Leo Burke started the year in Montreal and on January 14, he teamed with Armand Rougeau, going to a draw with Sailor White and Richard Charland. He might have been working as the booker in the territory as well. Leo appears to have been working as a heel by April of 1985 as he had matches against Jos Leduc on April 8 and April 15 and against Raymond Rougeau on April 22 and April 29. On April 22 he also teamed with King Tonga and Richard Charland against Jos Leduc, Tony Parisi and Dino Bravo. On May 27, 1985 King Tonga and Richard Charland defeated Leo Burke and Jos Leduc in a tournament final in Quebec City, Quebec for the vacant International Tag Team Titles. On May 29 Leo and Mad Dog Lefebvre lost to Jacques and Raymond Rougeau in 26:00 in Verdun, Quebec. He teamed with a young Rick Steiner to defeat Gino Brito Jr and Reggie Rapone on June 3. Leo went to a draw with Gino Brito Jr on June 24 and lost to Armand Rougeau on July 15. He also wrestled Tom Zenk on July 10.

Leo was apparently managed by Eddie Creatchman during his heel run in Montreal, who also seems to have gone by the name of Floyd Creatchman. This partnership was referenced by Chris Jericho in his 2007 book “A Lion`s Tale.” While wrestling in WCW in 1998, Jericho feuded with Dean Malenko who was known as “The man of 1,000 holds.” Jericho started referring to himself as “The man of 1,004” holds in interviews. Jericho wrote in his book he had taken this line from Floyd Creatchman who was managing and would refer to him as Leo as “The Man of 1,000 holds.” During an interview Creatchman said that Leo was “The Man of 1,002 holds” and when the interiviewer said “I thought he was the man of 1,000 holds” Creatchman said “He learned two more.”
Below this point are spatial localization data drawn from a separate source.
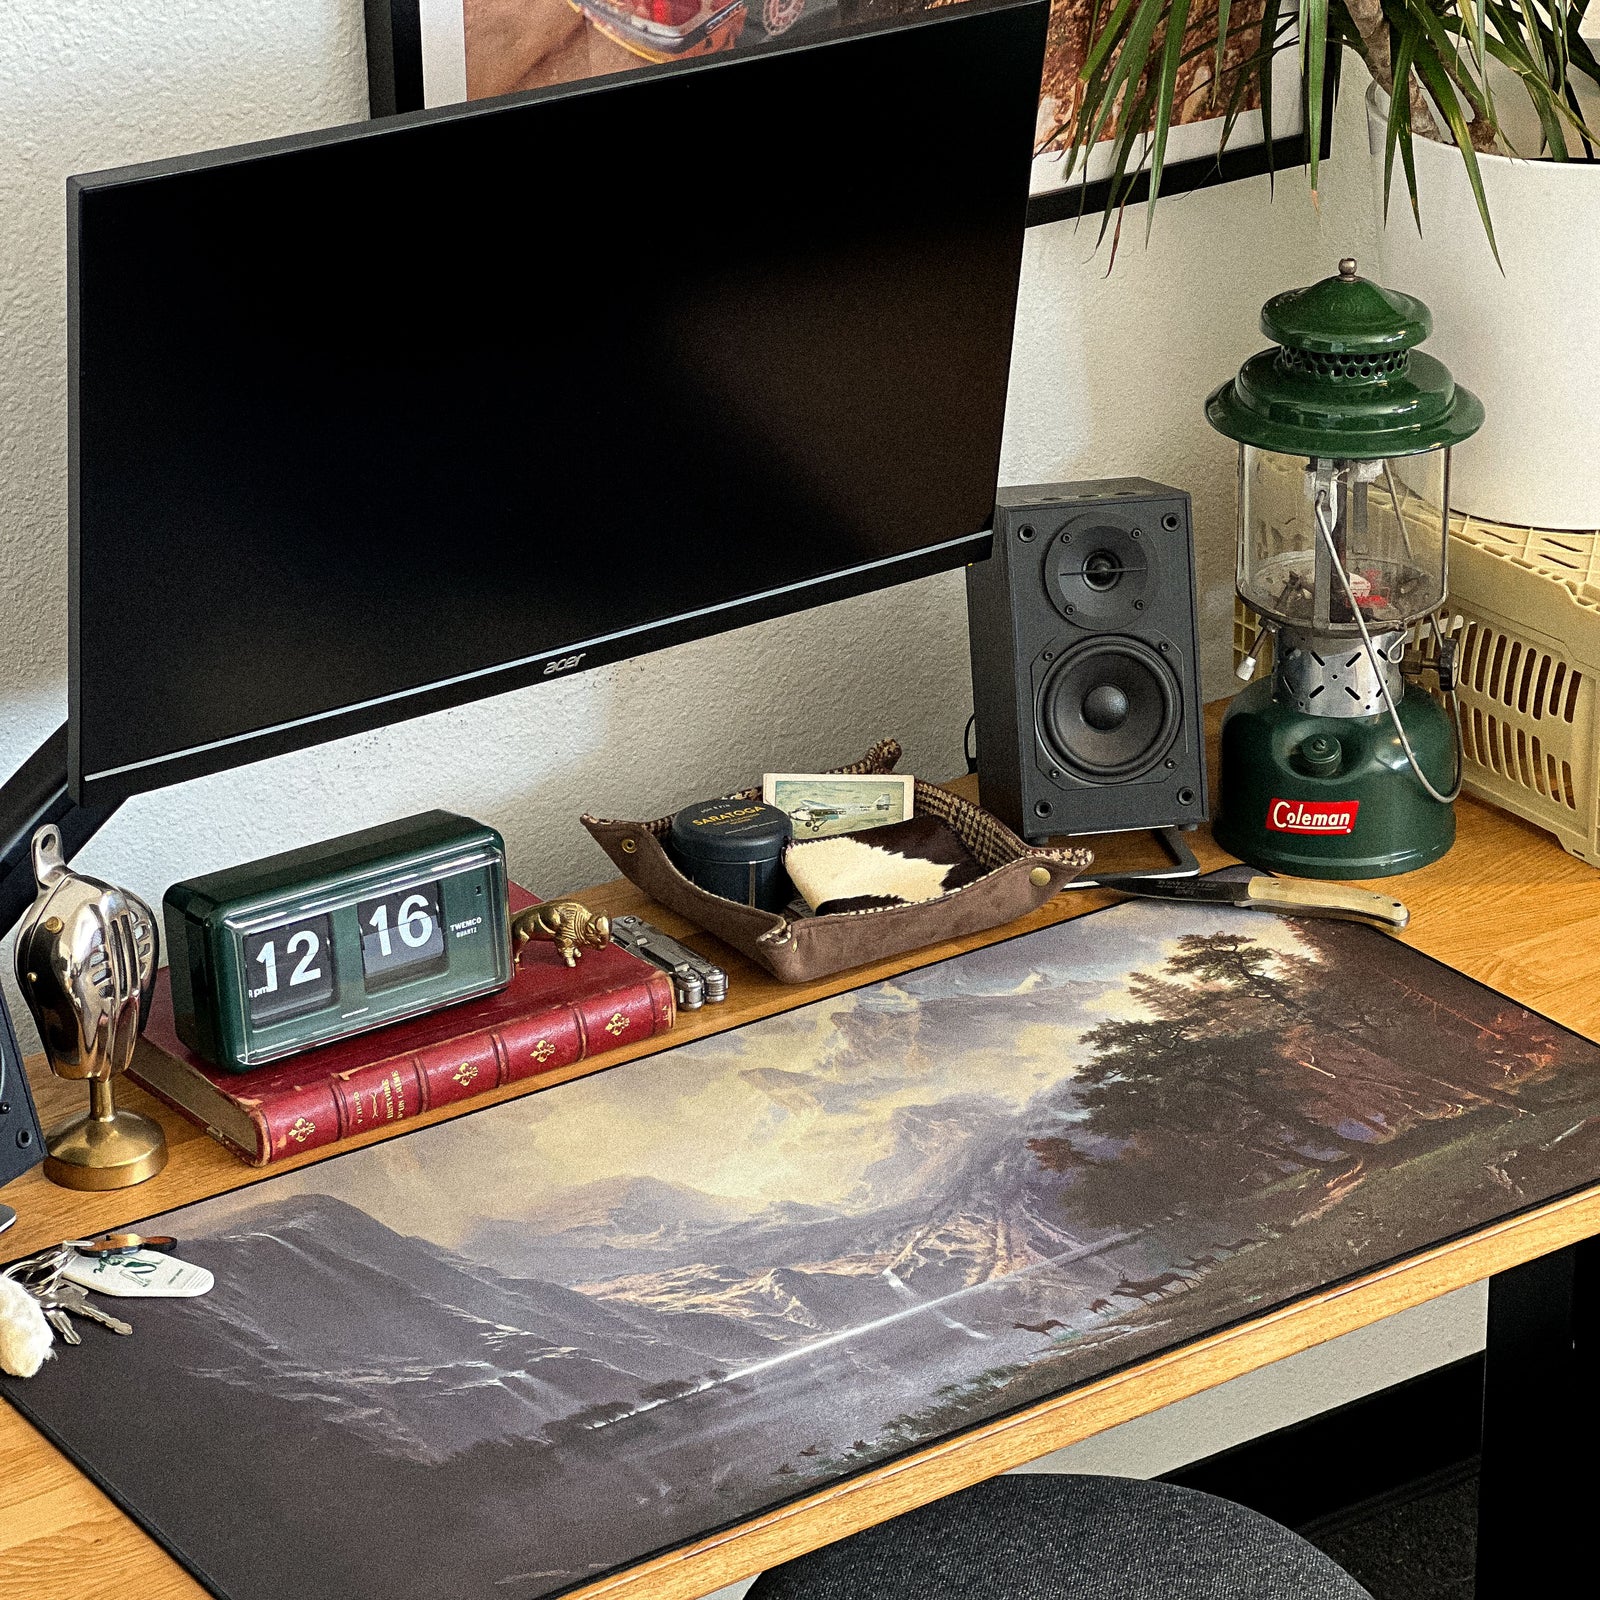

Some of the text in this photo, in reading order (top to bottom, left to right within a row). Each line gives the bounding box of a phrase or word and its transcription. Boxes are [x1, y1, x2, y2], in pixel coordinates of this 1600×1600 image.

[543, 653, 587, 675] acer
[692, 806, 766, 826] SARATOGA
[1273, 801, 1351, 829] Coleman
[450, 916, 482, 932] TWEMCO
[256, 894, 433, 991] 12 16
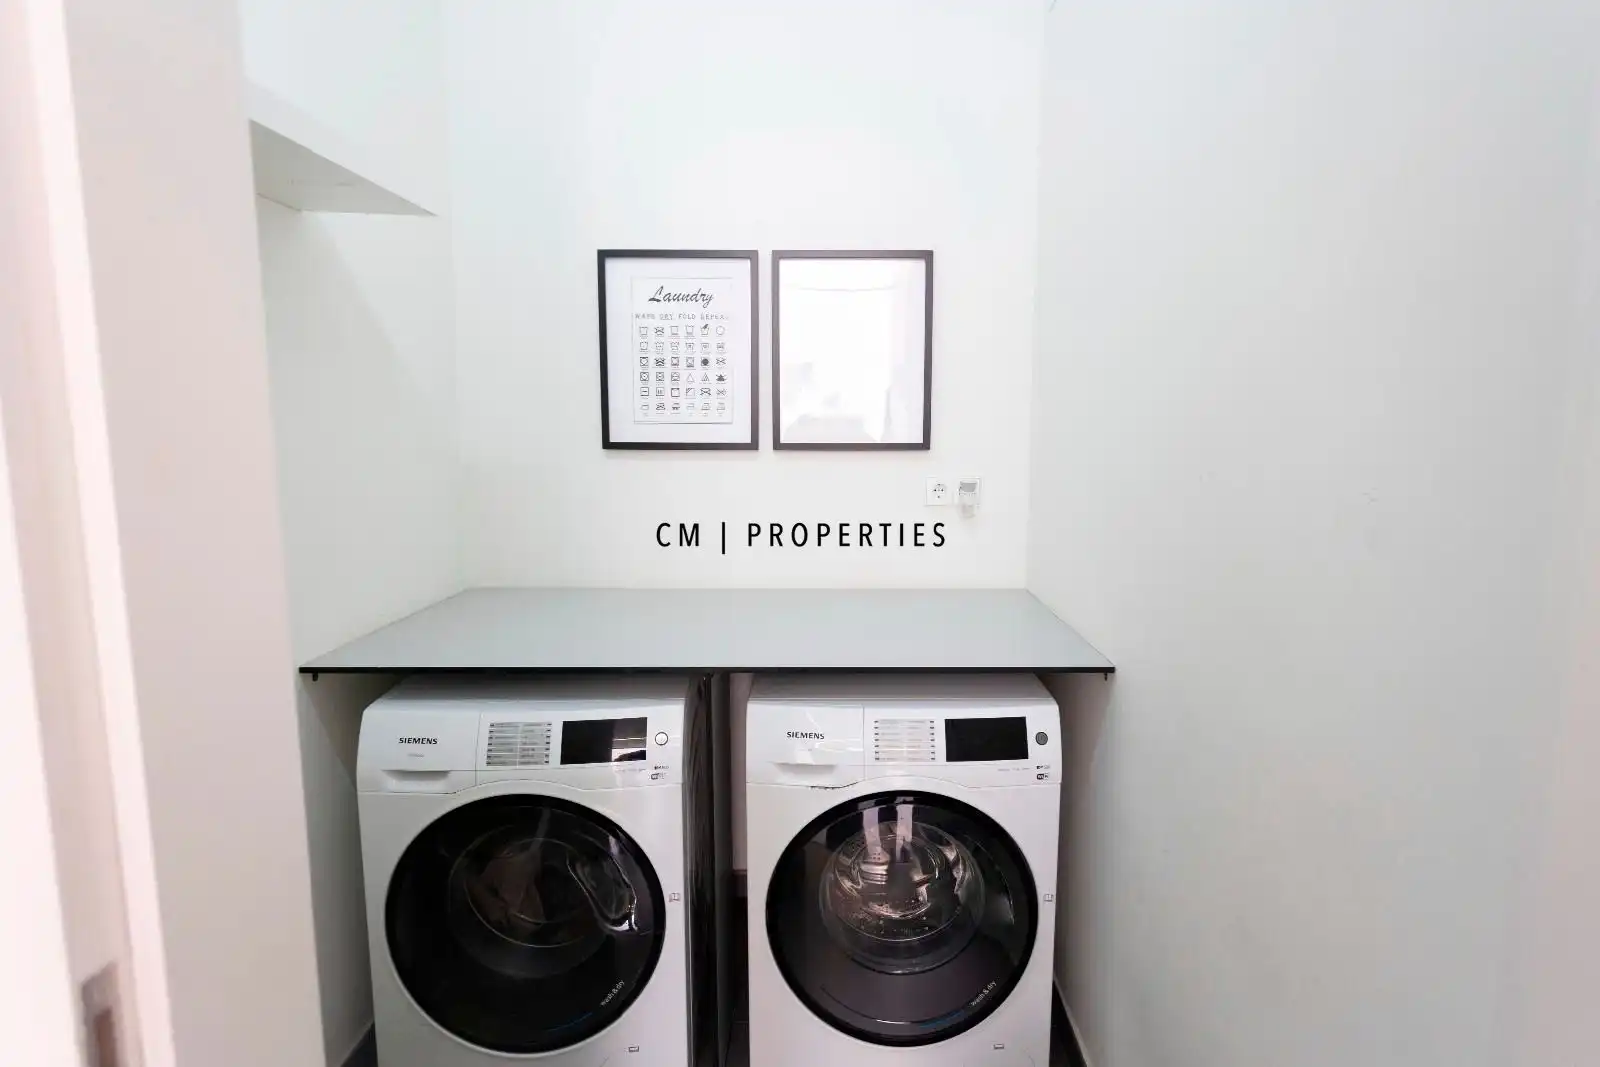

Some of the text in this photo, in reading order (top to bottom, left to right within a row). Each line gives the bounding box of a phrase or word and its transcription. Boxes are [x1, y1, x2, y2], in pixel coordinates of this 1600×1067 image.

[648, 285, 713, 308] Laundry
[786, 731, 824, 740] SIEMENS
[398, 737, 438, 745] SIEMENS
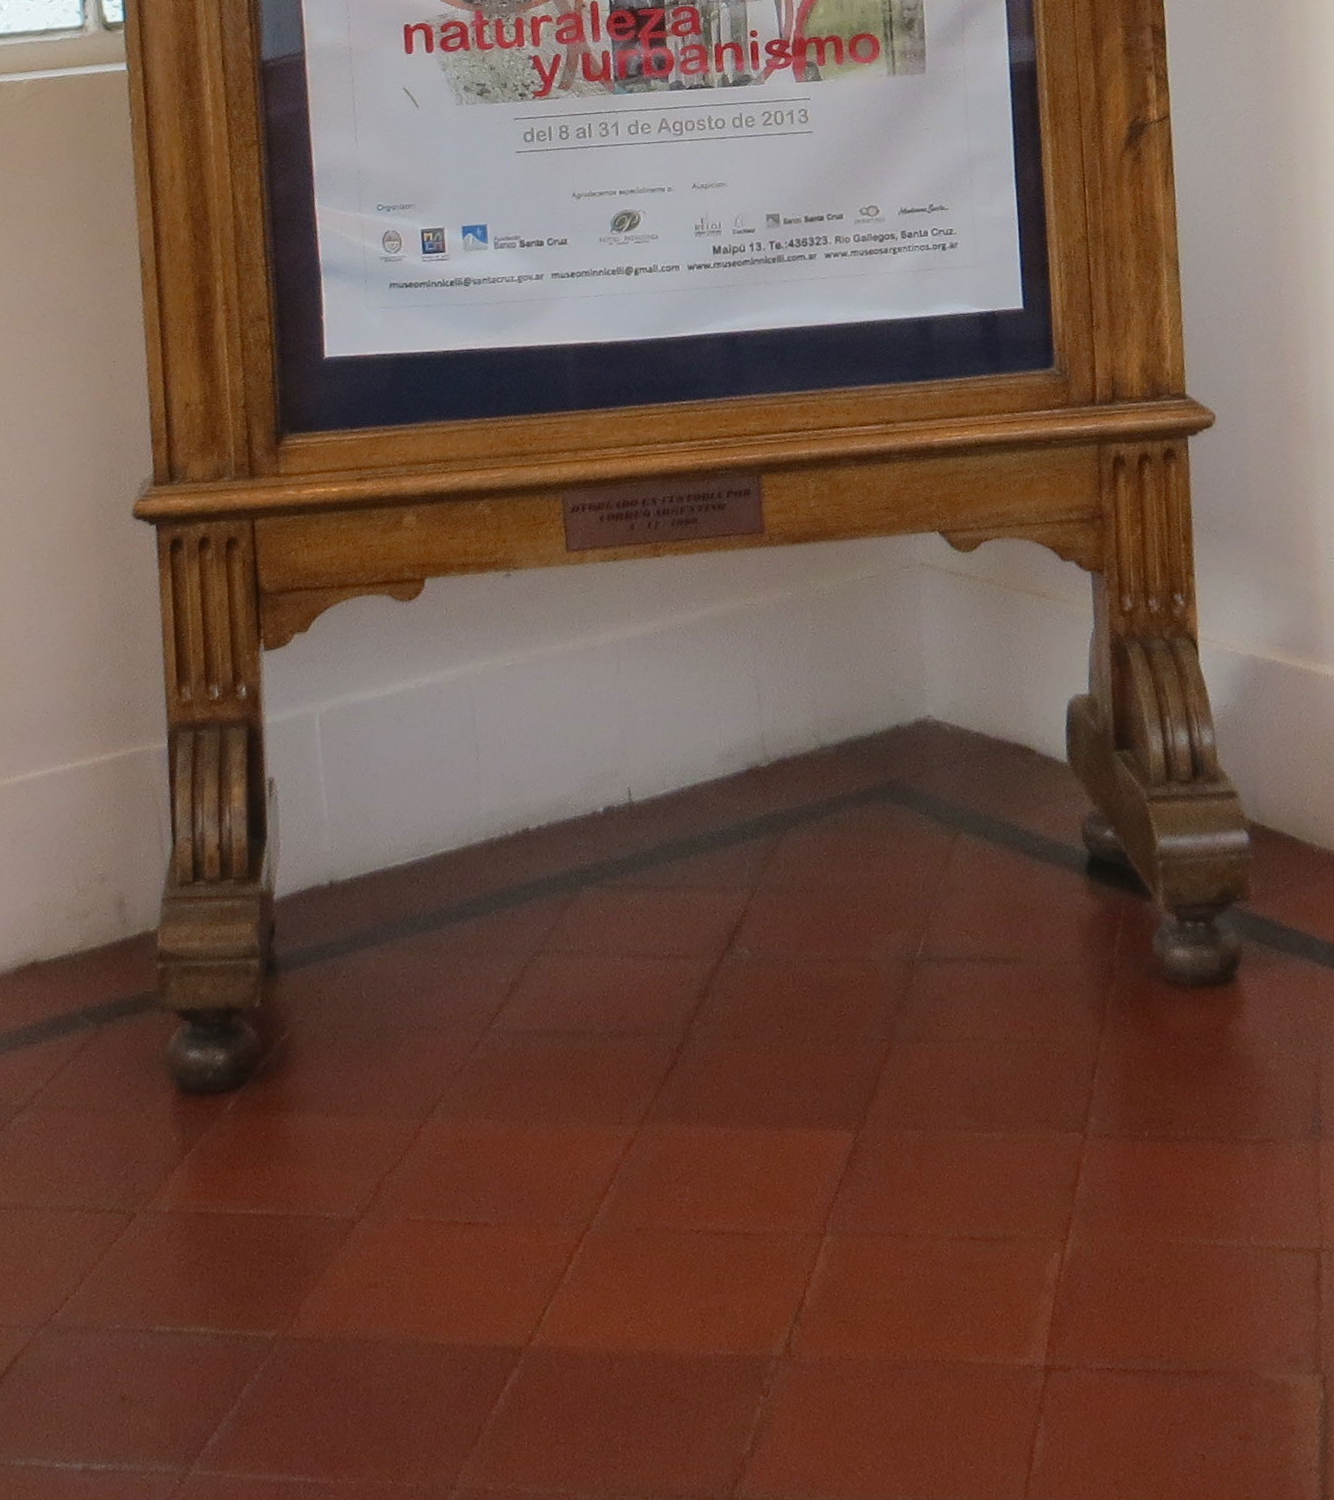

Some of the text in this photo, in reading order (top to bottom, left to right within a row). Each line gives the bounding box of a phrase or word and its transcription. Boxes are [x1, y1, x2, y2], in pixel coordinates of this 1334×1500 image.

[402, 0, 703, 55] naturaleza
[532, 29, 882, 97] y urbanismo
[523, 108, 809, 143] del 8 al 31 de Agosto de 2013
[494, 237, 568, 250] Banco Santa Cruz
[901, 229, 929, 240] Santa
Leo then made his return to the Maritimes, once again wrestling for Emile Dupre in Atlantic Grand Prix Wrestling as the Maritime-based International Wrestling had folded. E.T. Stanton was working the territory as The Super Destroyer and became International Heavyweight Champion. On July 25 he wrestled Leo in Halifax for the title. Leo had matches against both Sweet Daddy Siki and Ron Starr throughout the summer. He also teamed with The Cuban Assassin who had started working as a babyface.

In October of 1985 Leo returned to Calgary to work for Stu Hart’s newly restarted Stampede Wrestling, which had previously closed in 1984 when the promotion was sold to Vince McMahon. Throughout October and November Leo had several matches against both Ron Starr and Cuban Assassin and also teamed with Strong Machine, Hubert Gallant and Mr. Hito in matches against Ron Starr and Honky Tonk Wayne (Wayne Ferris, later known as The Honky Tonk Man). Leo continued to face Starr and Wayne through December with partners such as Dan Kroffat (Phil Lafon of All Japan Pro Wrestling fame), Hubert Gallant, Rick Patterson and Bad News Allen. Other opponents included Kerry Brown and Mike Shaw.

In January 1986 Leo began to team with Ron Ritchie. On February 2, 1986 they faced Wayne Ferris and Ron Starr for the International Tag Team Titles but Wayne and Starr ran off with the belts after the match and the titles were held up. Ferris and Starr defeated Burke and Ritchie in a rematch on February 21. The two teams worked against each other several times a week throughout January and February of 1986.

Leo started working for Jim Crockett Jr.’s Mid-Atlantic Wrestling in the Carolinas as a heel in March of 1986. In March he wrestled singles matches against Denny Brown, Italian Stallion and Pez Whatley. In April he worked singles matches against Don Kernodle and Ron Garvin. In May he worked against Denny Brown, Rocky Kernodle, Manny Fernandez, and Hector Guerrero. Leo’s television matches during this time included a March 8, 1986 match against George South, a March 22, 1986 match against Don Graves, an April 19, 1986 match teaming with Thunderfoot and Black Bart against Wahoo McDaniel, Manny Fernandes and Hector Guerrero, an April 1986 match vs Ron Rossi and a May 24, 1986 match teaming with Vernon Deaton and Thunderfoot against Jimmy Valiant, Hector Guerrero and Manny Fenandes.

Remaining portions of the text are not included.